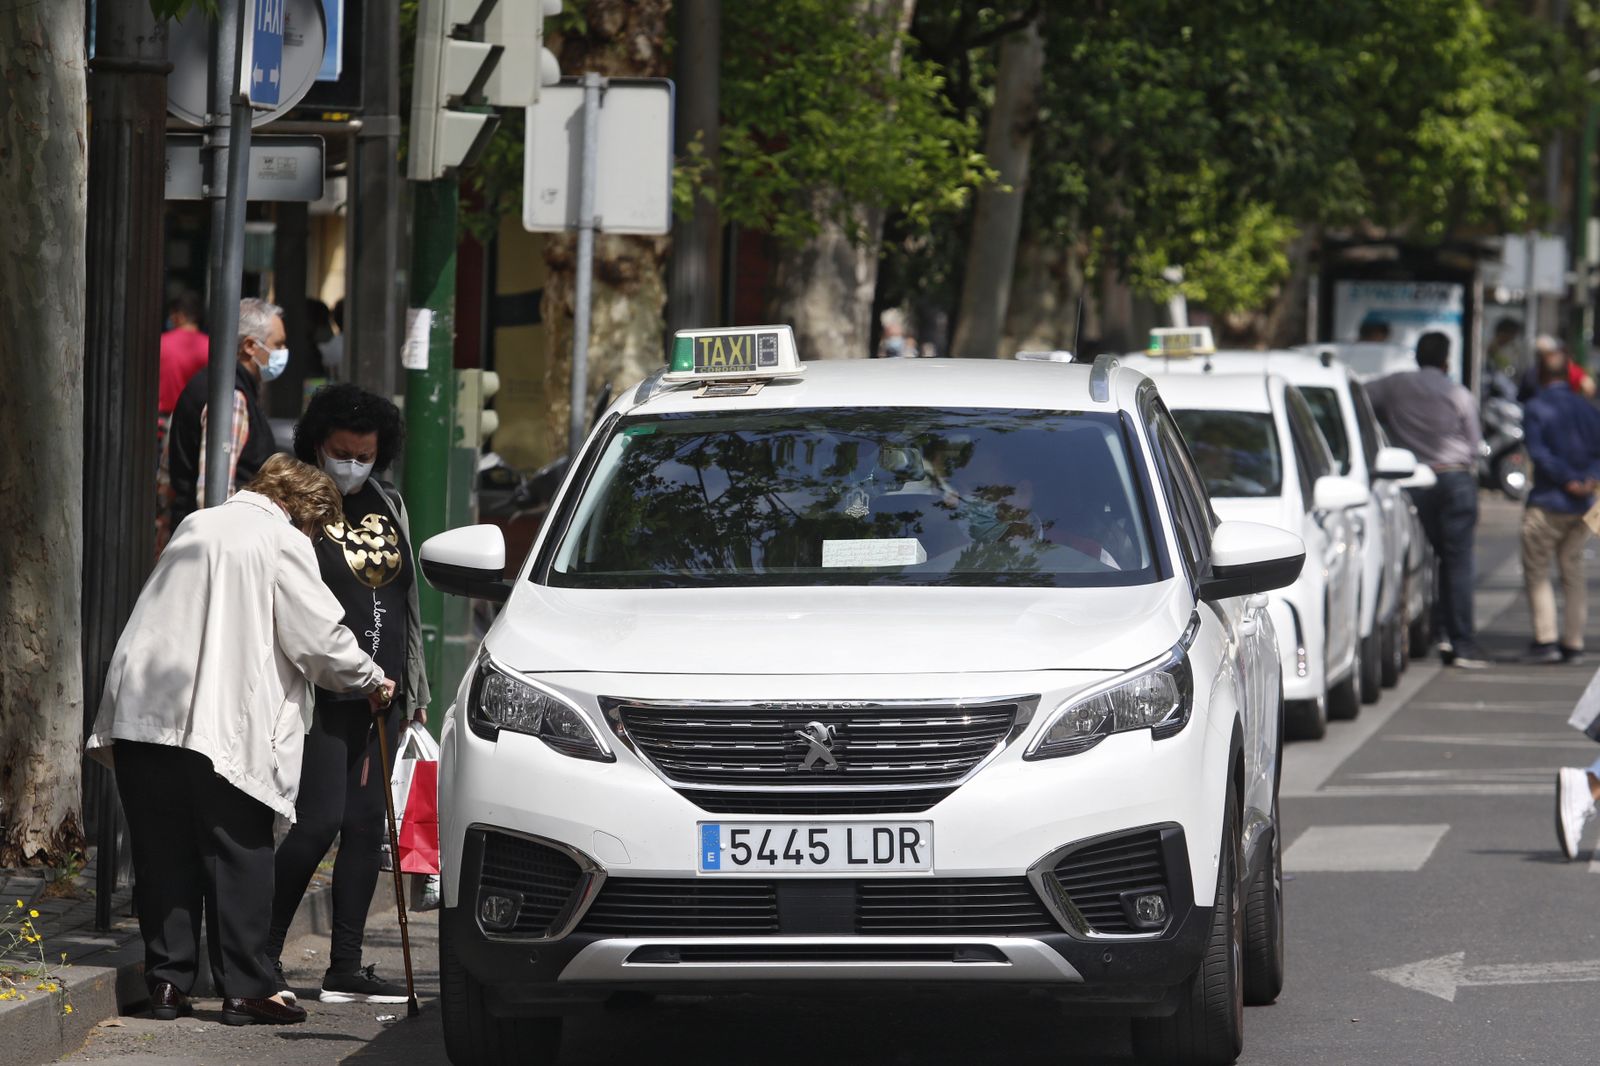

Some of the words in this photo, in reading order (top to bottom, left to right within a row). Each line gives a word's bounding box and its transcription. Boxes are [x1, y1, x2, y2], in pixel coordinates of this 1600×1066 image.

[699, 335, 751, 367] TAXI
[707, 852, 715, 862] E
[730, 828, 830, 866] 5445
[846, 827, 921, 865] LDR

::::::

Work to be completed
Write out each entry exactly, images excluded.

Answer box
Some of the words in this photo, in reading order (top to bottom, left to right within a row). Each line gives a word's bounding box and its transcription. Boxes are [x1, y1, x2, y2], in pixel coordinates of this 1600×1066 image.

[699, 335, 751, 367] TAXI
[707, 852, 715, 862] E
[730, 828, 830, 866] 5445
[846, 827, 921, 865] LDR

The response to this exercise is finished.